=== Task data ===

┄┄┄┄┄┄┄┄┄┄┄┄┄┄┄┄┄┄┄┄

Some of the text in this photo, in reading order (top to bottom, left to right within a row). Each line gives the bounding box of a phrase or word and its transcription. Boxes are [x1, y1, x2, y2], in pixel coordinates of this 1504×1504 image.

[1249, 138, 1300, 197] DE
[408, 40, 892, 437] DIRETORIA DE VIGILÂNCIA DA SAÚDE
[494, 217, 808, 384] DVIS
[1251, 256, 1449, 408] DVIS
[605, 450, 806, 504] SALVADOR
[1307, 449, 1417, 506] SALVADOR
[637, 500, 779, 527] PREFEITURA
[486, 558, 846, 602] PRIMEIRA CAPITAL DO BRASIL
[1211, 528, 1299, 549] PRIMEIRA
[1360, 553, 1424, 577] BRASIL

┄┄┄┄┄┄┄┄┄┄┄┄┄┄┄┄┄┄┄┄

=== What is being asked ===
Your answer must be the complete data, repeated word for word.

=== Output of the task ===
Some of the text in this photo, in reading order (top to bottom, left to right within a row). Each line gives the bounding box of a phrase or word and its transcription. Boxes are [x1, y1, x2, y2], in pixel coordinates of this 1504×1504 image.

[1249, 138, 1300, 197] DE
[408, 40, 892, 437] DIRETORIA DE VIGILÂNCIA DA SAÚDE
[494, 217, 808, 384] DVIS
[1251, 256, 1449, 408] DVIS
[605, 450, 806, 504] SALVADOR
[1307, 449, 1417, 506] SALVADOR
[637, 500, 779, 527] PREFEITURA
[486, 558, 846, 602] PRIMEIRA CAPITAL DO BRASIL
[1211, 528, 1299, 549] PRIMEIRA
[1360, 553, 1424, 577] BRASIL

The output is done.